*** Opening of Exercise material ***

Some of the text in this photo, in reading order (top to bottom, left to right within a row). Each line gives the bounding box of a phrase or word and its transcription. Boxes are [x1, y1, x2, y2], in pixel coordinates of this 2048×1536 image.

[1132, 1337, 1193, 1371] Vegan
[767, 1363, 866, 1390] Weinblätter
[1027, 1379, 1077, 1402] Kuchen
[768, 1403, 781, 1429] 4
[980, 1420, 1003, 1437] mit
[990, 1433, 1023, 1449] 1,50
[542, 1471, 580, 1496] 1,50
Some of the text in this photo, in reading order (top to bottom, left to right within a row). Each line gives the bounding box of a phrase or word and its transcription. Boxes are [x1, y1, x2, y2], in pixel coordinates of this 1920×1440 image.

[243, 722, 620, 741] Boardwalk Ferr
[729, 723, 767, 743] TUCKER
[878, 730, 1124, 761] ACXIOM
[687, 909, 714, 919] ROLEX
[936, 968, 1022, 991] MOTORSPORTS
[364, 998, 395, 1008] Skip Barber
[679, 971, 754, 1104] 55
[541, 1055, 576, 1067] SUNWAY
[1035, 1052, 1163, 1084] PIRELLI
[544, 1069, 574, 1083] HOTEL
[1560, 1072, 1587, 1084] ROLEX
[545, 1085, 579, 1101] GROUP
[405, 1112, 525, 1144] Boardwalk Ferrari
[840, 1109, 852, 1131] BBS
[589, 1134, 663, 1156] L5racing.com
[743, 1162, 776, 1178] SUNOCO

*** Close of Exercise material ***

_Required action_. Every line above has to be restated word for word.

_Output_.
Some of the text in this photo, in reading order (top to bottom, left to right within a row). Each line gives the bounding box of a phrase or word and its transcription. Boxes are [x1, y1, x2, y2], in pixel coordinates of this 2048×1536 image.

[1132, 1337, 1193, 1371] Vegan
[767, 1363, 866, 1390] Weinblätter
[1027, 1379, 1077, 1402] Kuchen
[768, 1403, 781, 1429] 4
[980, 1420, 1003, 1437] mit
[990, 1433, 1023, 1449] 1,50
[542, 1471, 580, 1496] 1,50
Some of the text in this photo, in reading order (top to bottom, left to right within a row). Each line gives the bounding box of a phrase or word and its transcription. Boxes are [x1, y1, x2, y2], in pixel coordinates of this 1920×1440 image.

[243, 722, 620, 741] Boardwalk Ferr
[729, 723, 767, 743] TUCKER
[878, 730, 1124, 761] ACXIOM
[687, 909, 714, 919] ROLEX
[936, 968, 1022, 991] MOTORSPORTS
[364, 998, 395, 1008] Skip Barber
[679, 971, 754, 1104] 55
[541, 1055, 576, 1067] SUNWAY
[1035, 1052, 1163, 1084] PIRELLI
[544, 1069, 574, 1083] HOTEL
[1560, 1072, 1587, 1084] ROLEX
[545, 1085, 579, 1101] GROUP
[405, 1112, 525, 1144] Boardwalk Ferrari
[840, 1109, 852, 1131] BBS
[589, 1134, 663, 1156] L5racing.com
[743, 1162, 776, 1178] SUNOCO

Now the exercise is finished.